Film bardzo sprytnie porusza się po kolejnych etapach scenariusza. Nie mamy w tym przypadku liniowej fabuły, w której historia bohaterów jest podawana po kolei, na tacy. "Dziewczyna z pociągu" opowiada niektóre wydarzenia w czasie rzeczywistym, żeby chwilę później cofnąć widza w czasie o kilka tygodni lub miesięcy, żeby wyjaśnić kontekst tej sytuacji. Jest to zabieg bardzo udany, dzięki któremu byłem cały czas nakręcony na rozwój wydarzeń, a przedstawianie historii w taki sposób jest bardzo stymulujące i zmusza widza do analizy każdej sceny.
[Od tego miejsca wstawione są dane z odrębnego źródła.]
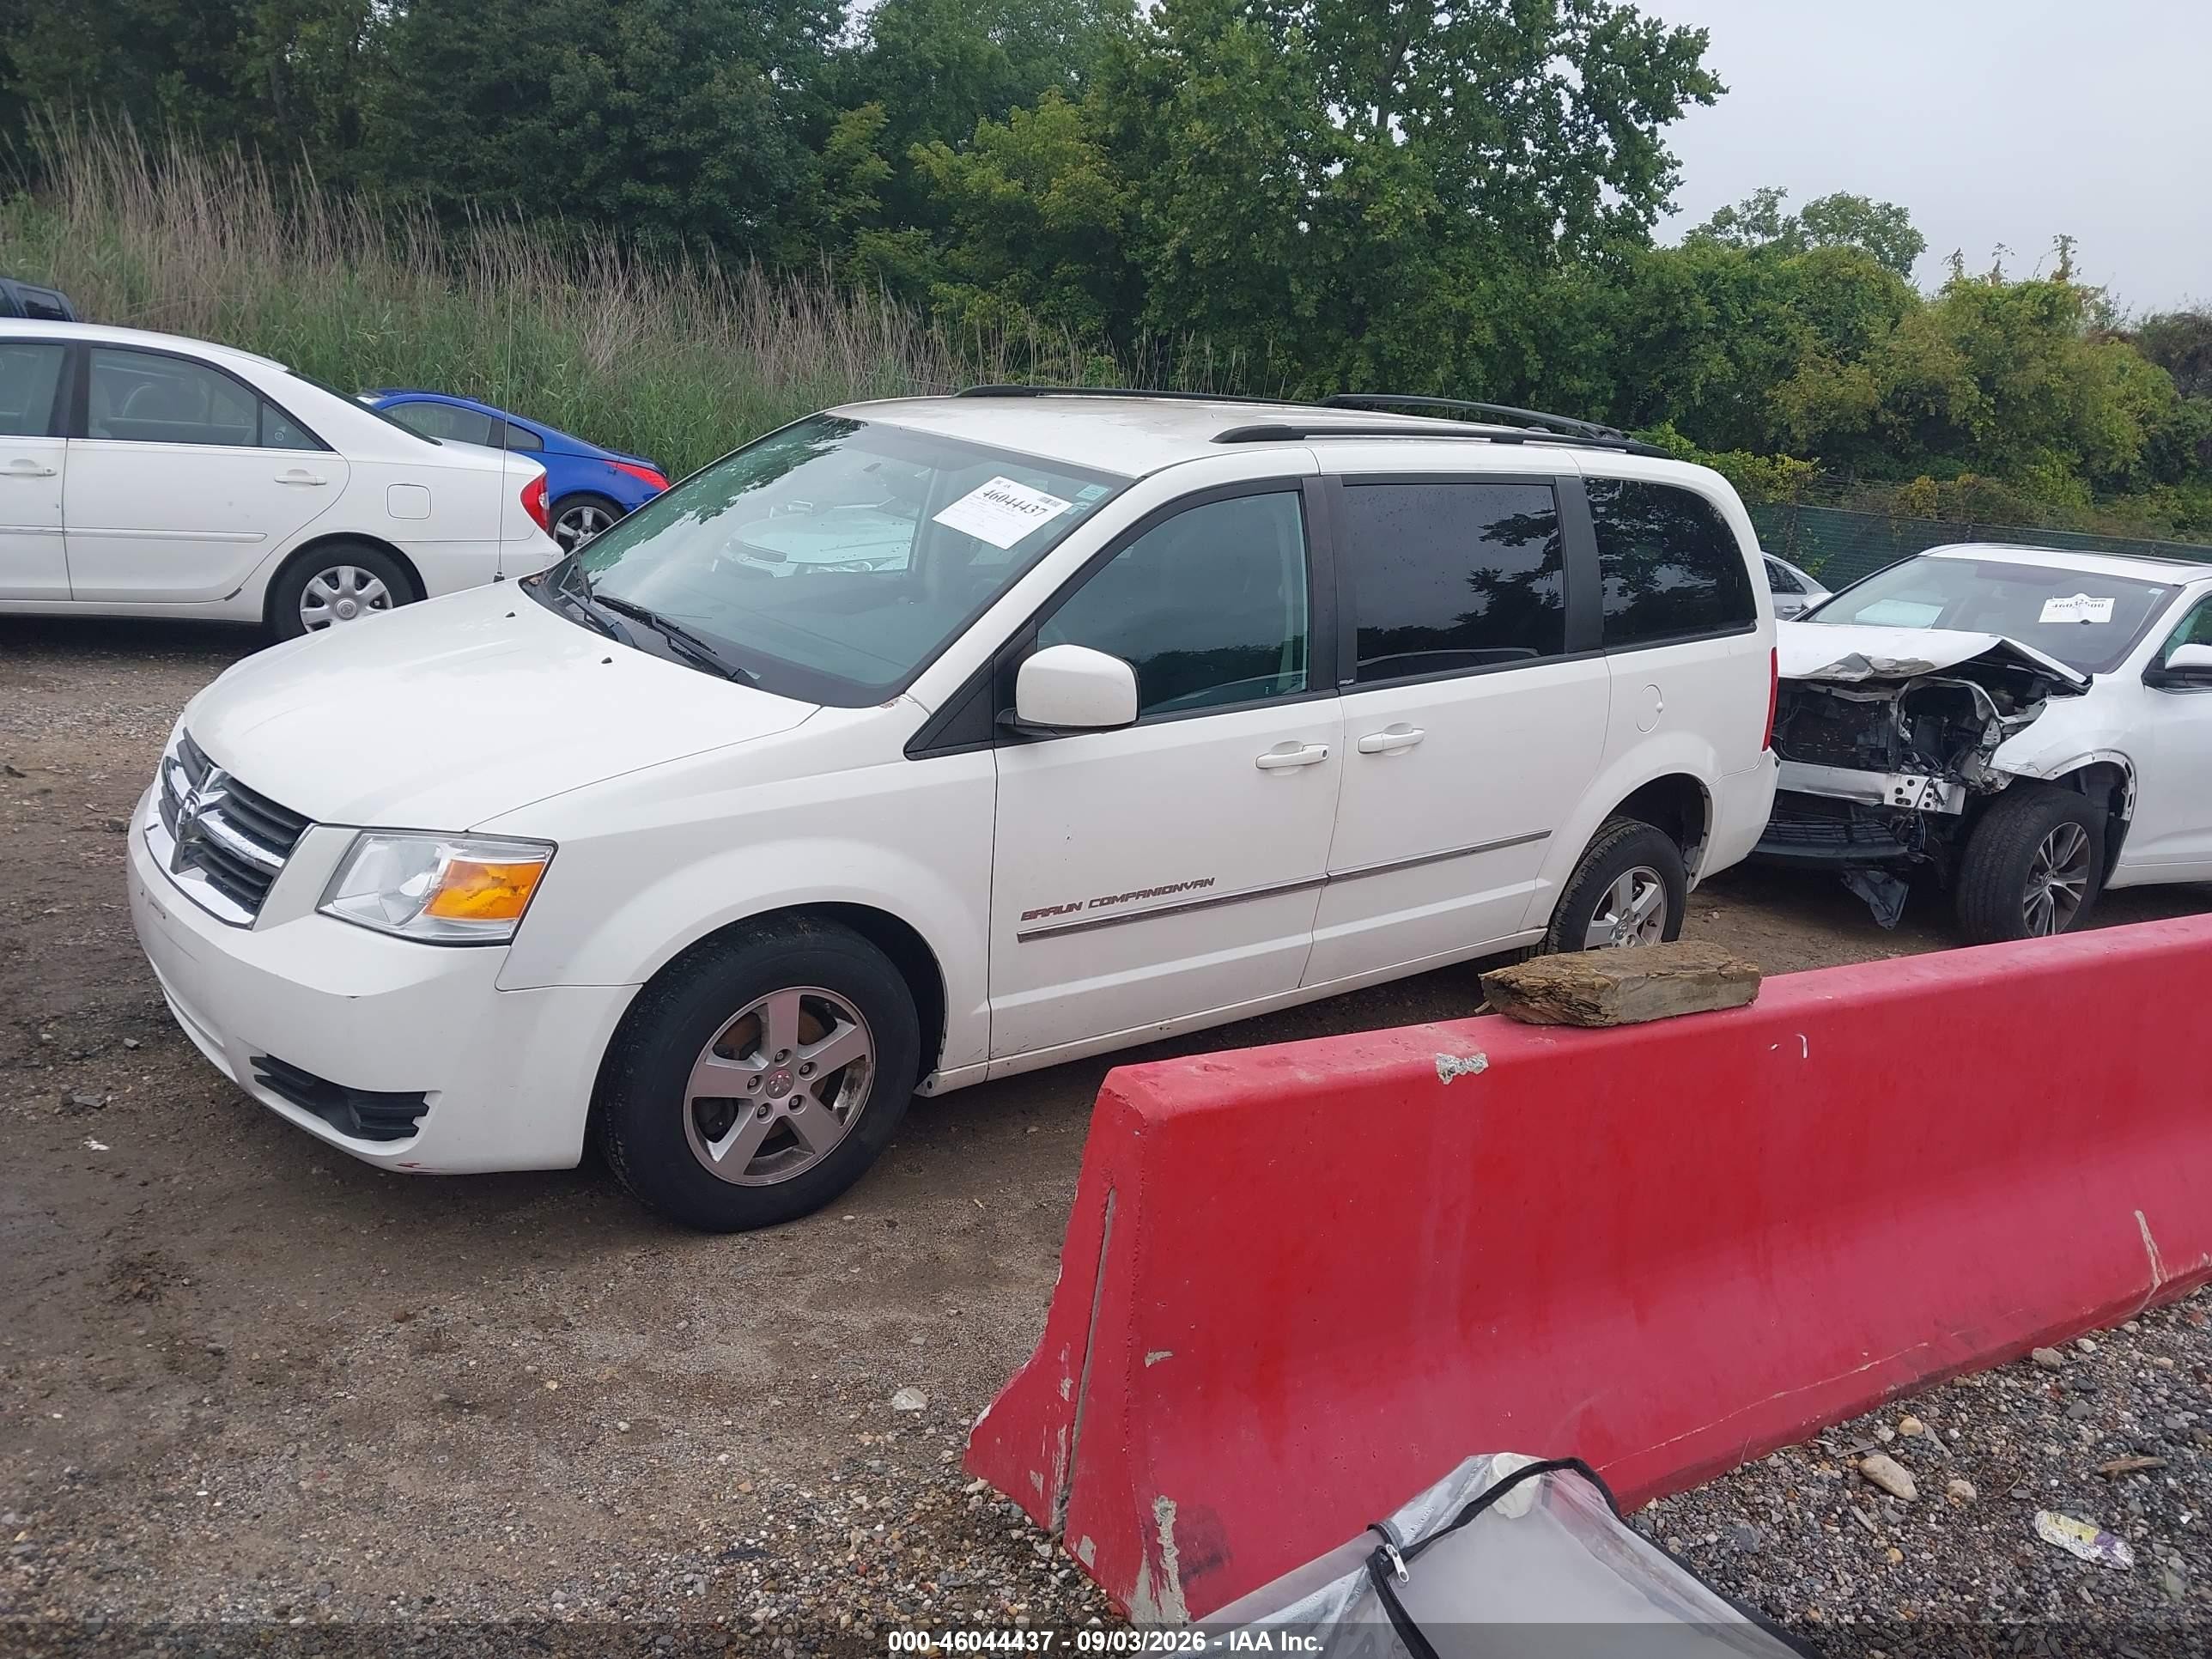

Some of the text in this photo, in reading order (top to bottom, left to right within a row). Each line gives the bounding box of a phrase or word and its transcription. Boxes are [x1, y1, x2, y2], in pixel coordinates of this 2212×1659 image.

Pierwsze 30 minut filmu jest spokojne, a można nawet powiedzieć, że zniechęcające w swojej przeciętności, ale z letargu wybiło mnie wydarzenie, na którym została oparta fabuła. Gdy w mediach pojawia się informacja o zaginięciu Megan, wśród podejrzanych wymienia się jej męża oraz Rachel, która w dniu zaginięcia dziewczyny była widziana na miejscu przestępstwa. Rozpoczyna się walka o dojście do prawdy, a główna bohaterka w czynny sposób chce się przyczynić do znalezienia nieznajomej. Jej podejrzenia kierują się w stronę terapeuty, z którym była widziana Megan.
W tym momencie zaczyna się najlepsza część tego filmu. Rachel nie pamięta wydarzeń z tego feralnego dnia i zaczyna wątpić w swoją niewinność. Zostało to przedstawione bardzo sprawnie, a sam przez większość rozwoju fabuły nie byłem w stanie rozgryźć rozwiązania tej zagadki. Oczywiście znalazło się miejsce na znany już chwyt przerzucania podejrzeń widza na wybranego przez scenarzystów i reżysera bohatera, ale nie było to nachalne i można powiedzieć, że miało to uzasadnienie w przedstawionej wcześniej argumentacji. Jednak moim zdaniem rozwiązanie tej zagadki zostało przedstawione bez zbudowania napięcia, uczucia niepokoju i bez uchylania rąbka tajemnicy krok po kroku. Mówiąc prościej, po wzorcowym budowaniu klimatu, który był wspomagany świetną muzyką, zakończenie tej historii zostało podane w zbyt dużym pośpiechu, bez wyczucia i kompletnie nie pasuje do tego, co zobaczyłem wcześniej. Wtedy, gdy klimat był najgęstszy, potrzebowałem jeszcze większego dokręcenia kurka z zawiłościami fabuły, a niestety otrzymałem wtedy coś na kształt balona, któremu spuszcza się powietrze przez małą dziurkę. W momencie rozwiązania fabuły miałem wrażenie, jakby jakaś część historii została wycięta.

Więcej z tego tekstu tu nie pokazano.